In particolare, tanto più l’asse Presidente del Consiglio-Ministro dell’economia è solido, tanto più tende a relegare in secondo piano gli altri ministeri. In modo particolare, questa tendenza si accentua poichè il Mef gode di una componente tecnica più elevata degli altri dicasteri e di una maggiore legittimazione politica del Primo Ministro; ciò, tuttavia, non è pacifico in dottrina.

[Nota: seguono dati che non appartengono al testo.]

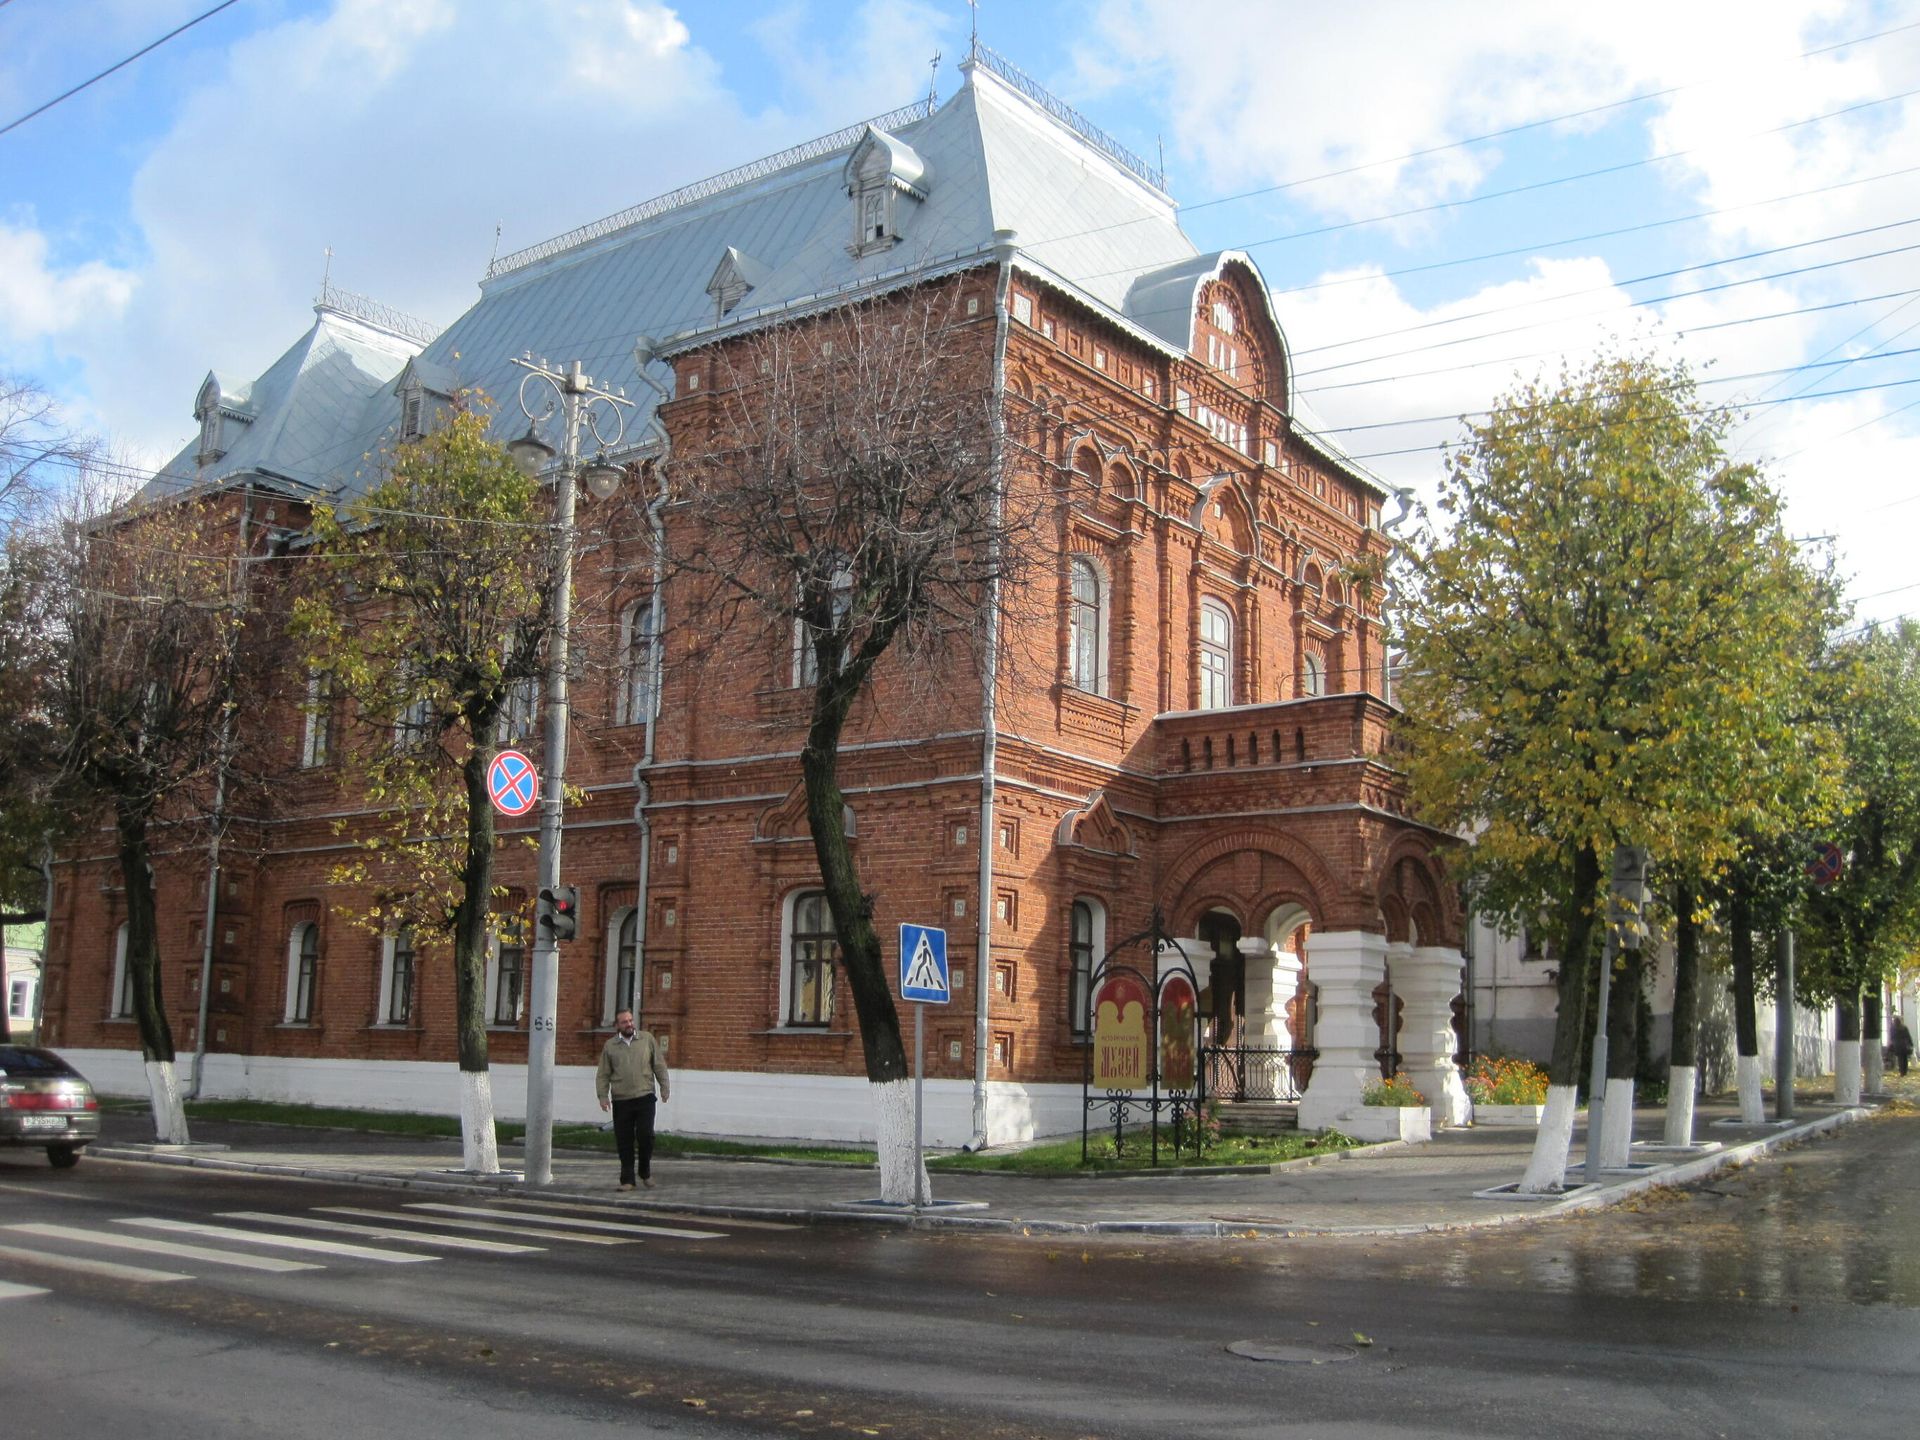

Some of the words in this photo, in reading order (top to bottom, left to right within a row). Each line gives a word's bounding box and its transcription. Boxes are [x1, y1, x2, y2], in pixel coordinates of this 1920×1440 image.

[1212, 302, 1234, 336] 1900
[1197, 405, 1247, 456] МУЗЕЙ
[1101, 1044, 1139, 1078] МУЗЕЙ
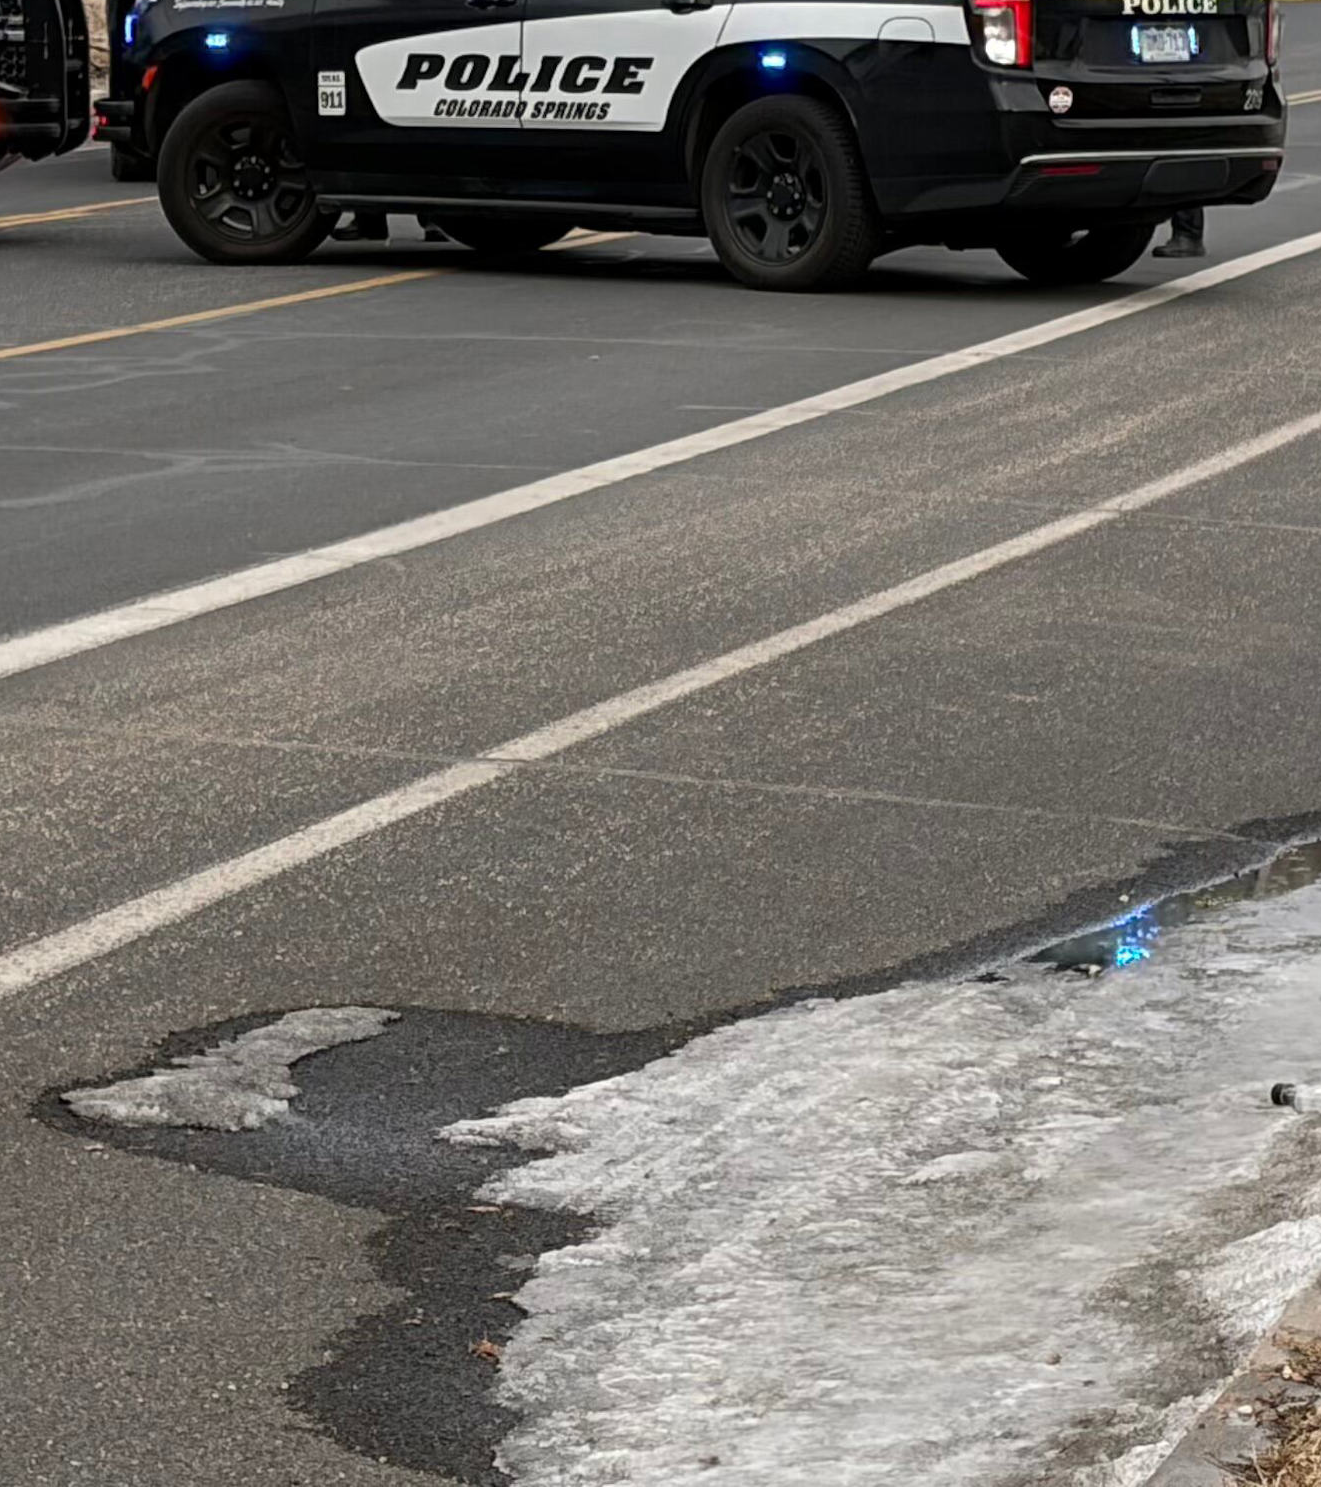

Si distinguono, infatti, le posizioni di coloro i quali ritengono che nel caso in cui il Presidente del Consiglio goda di una forte legittimazione politica questa tende ad influenzare positivamente il rafforzamento del ruolo Mef254; e, al contrario, coloro i quali ritengono che i

condizionamenti di carattere sovranazionale o internazionale abbiano fatto assumere un peso determinante al Mef in modo assoluto, incidendo negativamente sulle prerogative del Presidente del Consiglio il quale assume piuttosto la veste di mediatore tra le diverse istanze dei componenti dell’Esecutivo, invece che di determinatore di indirizzi unitari255. In linea più generale quest’ultima criticità è

riconducibile alla crisi della collegialità del Governo e segnatamente al fallimento del tentativo, operato con la l. 400/88, di valorizzare il delicato equilibrio tra principio collegiale e funzione di direzione affidata al Presidente del Consiglio; «ne deriva che in un bilanciamento così precario, in cui la stabilità del Governo si regge sulla base di rapporti fiduciari tra il Premier, ministri, viceministri, nonché sottosegretari e dirigenti tecnici, il Mef è divenuto il principale interlocutore, nonché attore in grado di influenzarne le decisioni»256.